“To be sure; so I did!” he exclaimed, eagerly reaching down a rolled-up plan, and spreading it upon the table. “Now look here, Ada; this will be an expensive affair, and we shall reap no benefit from it ourselves, for it is a matter of years and years; but that young dog will have an estate which will make him hold up his head as high as he likes. Now, see here—this is my side. I’ve bought these two thousand acres of worthless marshland—worthless save for peat-digging and wild-duck shooting. This is the piece, Ada, love,” he said, solemnly, as he laid a finger upon the plan. “I chose this so that I might preserve the pine-wood untouched.”

He stopped to gaze up in his wife’s face, and as she recalled the past, she bent over him until her cheek touched his forehead.

“Well, love,” he said, raising himself and speaking cheerfully, “we—that is to say, the other purchasers and myself—dig a large drain, or canal, through our marsh pieces right to the Trent, and fit our drain with sluice-gates, so that at every high tide we flood our low tract of marsh with the thick, muddy waters loaded with the alluvial soil of Yorkshire and our own county, brought down by many a river and stream, which, after the fashion of the hill floods, by slow and almost imperceptible degrees, is deposited upon our peat and rushes, in a heavy, unctuous, wondrously rich mud, or warp, till, in the course of time, we have it two, three, and in places even four feet deep. Then comes the change: we cease flooding, and give all our attention to thoroughly draining our warp land, which now becomes, in place of marsh, fit only to grow water-plants, a rich and fertile soil. Nature has converted it for us; and twenty years hence, instead of marsh, Master Brace will have a couple of thousand acres of the best soil in England. That is all I can do for him, and after all I don’t think that it will be such a very mean heritage. Now, love, what do you say to that?”
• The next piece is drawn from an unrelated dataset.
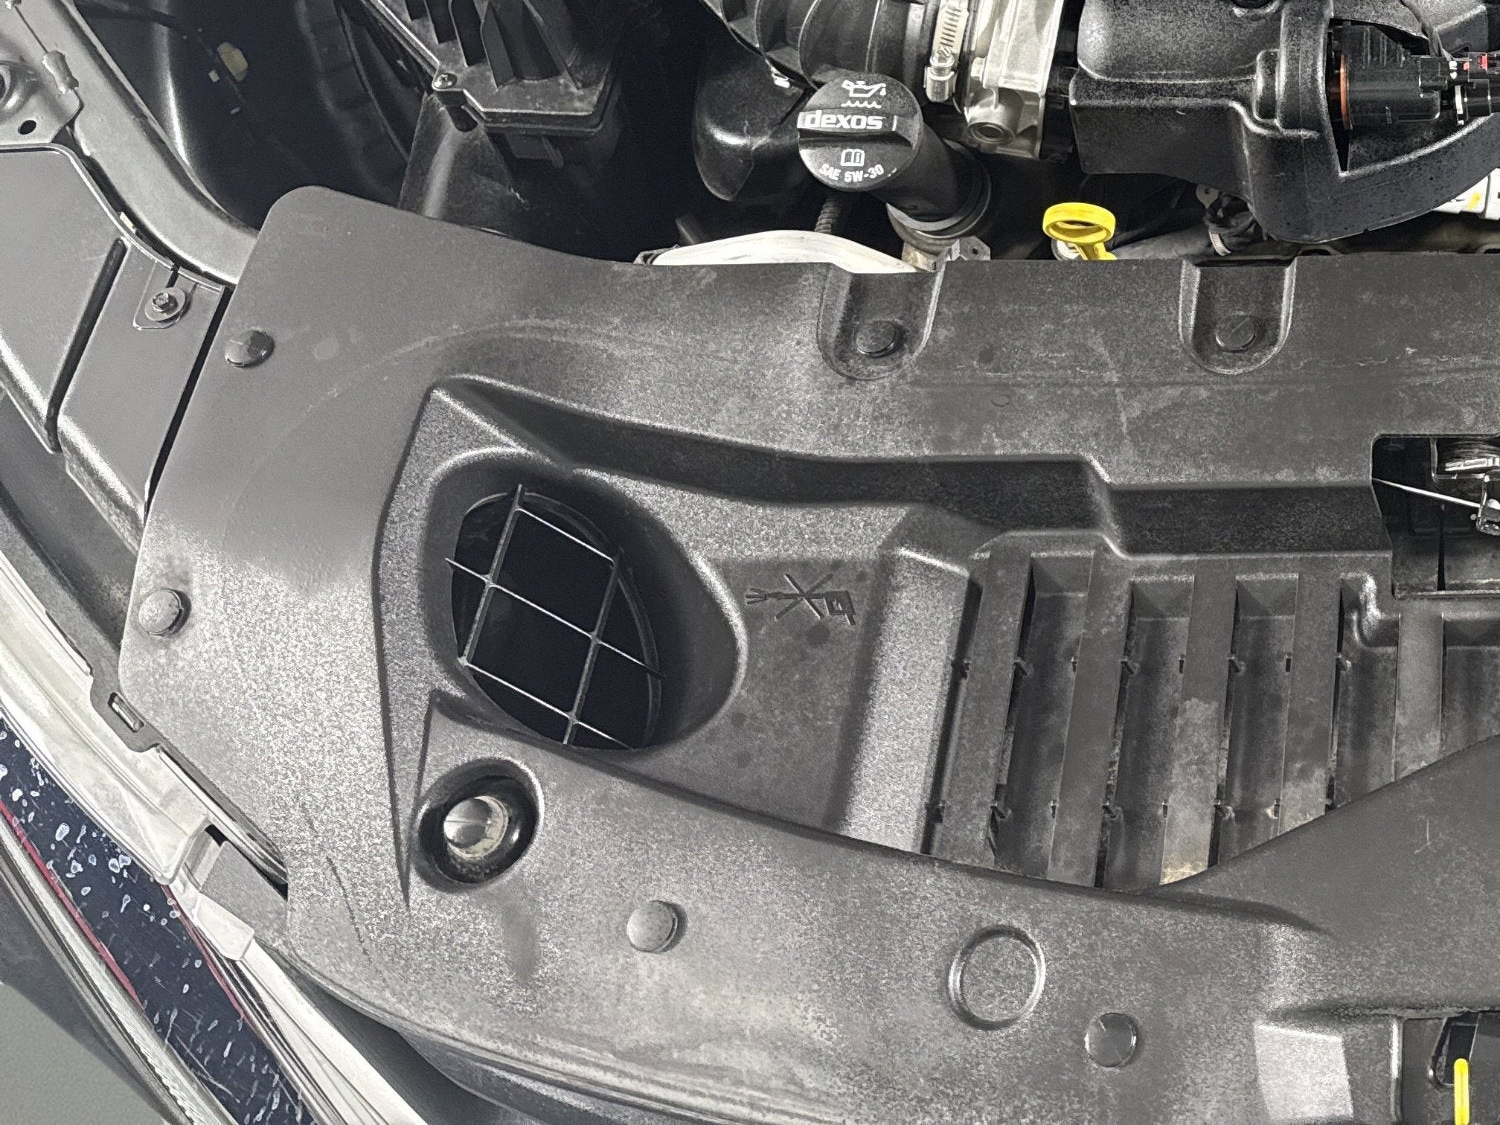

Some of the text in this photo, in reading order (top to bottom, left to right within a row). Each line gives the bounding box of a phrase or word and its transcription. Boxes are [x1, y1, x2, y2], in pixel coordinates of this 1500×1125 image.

Mrs Norton’s answer was a cry of joy: for at that moment, free of step, bright and happy, in came Brace Norton, to be strained again and again to his mother’s breast.

There was a grim smile of pride and pleasure upon Captain Norton’s scarred face, as, after hastily rolling up his plans, he caught at his son’s disengaged hand.

“My dear Brace, how well and hearty you look!” he exclaimed, as he scanned the broad chest and muscular limbs of his son.

“I Well? Ay! father, never better,” was the reply. “And I don’t know that I ever saw you look better.”

“Oh! I’m well enough,” said Captain Norton. “But, my dear boy, what a pity it is that you did not join our service! With that build of yours, you would have drilled as upright as a dart.”

“And broken my heart over the pipe-clay, eh, father?” laughed the young man. “I’m right enough—make a tolerable sailor, perhaps, but I should have been a poor soldier. But, I say,” said Brace, after half-an-hour’s questioning and answering, “I have had quite an adventure coming over: came across a fine, fierce, grey old fellow, with—oh! mamma, the most lovely girl you ever saw in your life!”

“Pooh!” laughed the Captain, “the sailor’s Poll. What asses you boys do make of yourselves!”